11 nov 2011

Latinoamerica


CALLE 13 WINS BIG AT LATIN GRAMMYS

Calle 13, a Puerto Rican hip-hop group with Pan-American music, rebellious politics and a raunchy sense of humor, triumphed at the 12th annual Latin Grammy Awards,  which were televised Thursday from the Mandalay Bay Events Center in Las Vegas. “Entren Los Que Quieran” (“Everybody Is Welcome”), the fourth Calle 13 album, was nominated for 10 awards this year, a record for the Latin Grammys. It helped that  Calle 13’s eclecticism qualified its songs for multiple categories —Urban, Alternative, Tropical.

“Entren Los Que Quieran” is Calle 13’s second album in a row to be named Album of the Year; it won the same award for its 2008 album, “Los de Atrás Vienen Conmigo” (“Those From Behind Are Coming With Me”)

Calle 13’s “Latinoamérica”— a panorama of Latin American images, problems and perseverance, set to an Andean-rooted beat — was named Record of the Year (for the recording) and Song of the Year (for the songwriting).  The band performed it to open the awards show, with the lead singer, rapper Residente (René Pérez),   backed by a Venezuelan symphony orchestra conducted by Gustavo Dudamel.

Accepting one award, for Best Urban Album, Residente said, “It’s very difficult for us navigating against the current,” and vowed to keep making “true music.” Returning for the Best Urban song award,  for “Baile de los Pobres” (“Dance of the Poor”), Residente added, “I know that we’re those who are heard not on the radio, but in the heart of the people.”

The show’s other major presence was Shakira, the Colombian superstar who was named Person of the Year by the Latin Recording Academy. She sang a ballad (“Antes de las Seis”), a rocker (“Devoción”) and a Latin dance tune, “Loca,” while out-shimmying the dancers around her.

She won the Best Female Pop Album award for her “Sale El Sol.”

This year’s Latin Grammy Awards show ratified Latin pop’s spreading crossover aspirations. Latin music is a coalition of national, regional and local styles, many of them aiming at different niche audiences. But musicians, marketers and the Internet have made musical boundaries far more porous over the last decade.

Latin pop has been cannily seeking crossover hits lately, bringing together performers from different countries and genres. The Best Pop Album by a Duo or Group with Vocal went to a multinational trio — Alex, Jorge y Lena — from Cuba, Spain and Colombia. 

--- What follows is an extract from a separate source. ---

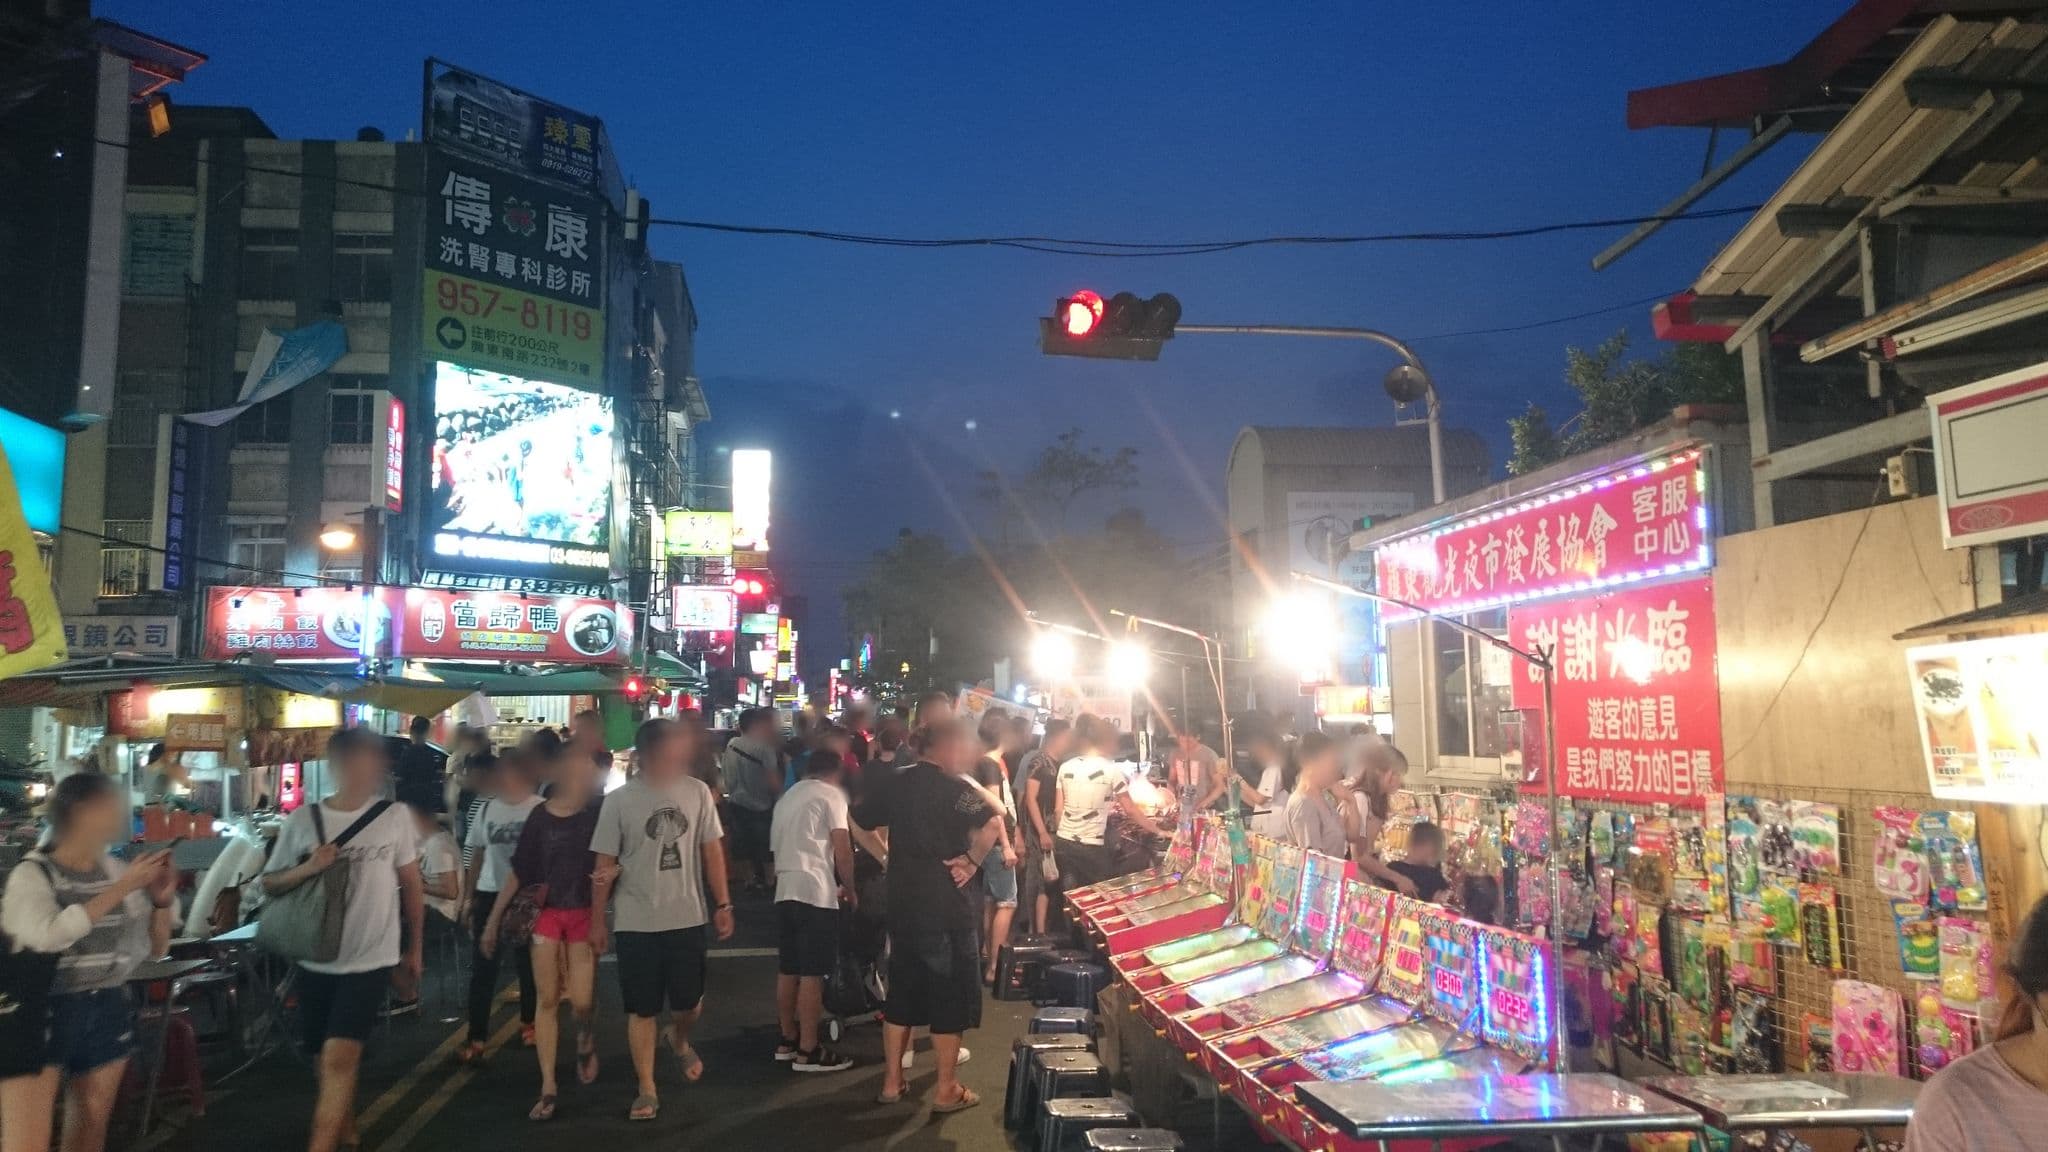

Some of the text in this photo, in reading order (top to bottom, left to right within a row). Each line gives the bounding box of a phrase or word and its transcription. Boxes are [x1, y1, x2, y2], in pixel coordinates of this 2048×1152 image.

The Latin Grammys show re-enacted many studio collaborations onstage. Romeo Santos, a member of the Dominican-rooted New York group Aventura who has just  released a solo album, sang alongside with the R&B singer Usher to introduce a bachata in Spanish and English, “Promise,” with both singers sustaining smooth high-tenor melismas, a bilingual urban crossover.

The Dominican-rooted New Yorker Prince Royce turned “El Verdadero Amor Perdona,” an earnest rocker by the long-running Mexican band Maná — which won Best Rock Album for its “Drama y Luz” — into a lilting bachata. Alejandra Guzmán, a Mexican rock singer, brought husky melodrama to her duet with the Venezuelan songwriter Franco de Vita, draping herself on the piano in “Tan Solo Tú”; he was a winner for Best Male Pop Album. The reggaetón duo Wisin y Yandel shared “Fever” with the reggae singer Sean Kingston. And Sie7e welcomed Taboo, a member of Black Eyed Peas, for a guest spot in “Tengo Tu Love.”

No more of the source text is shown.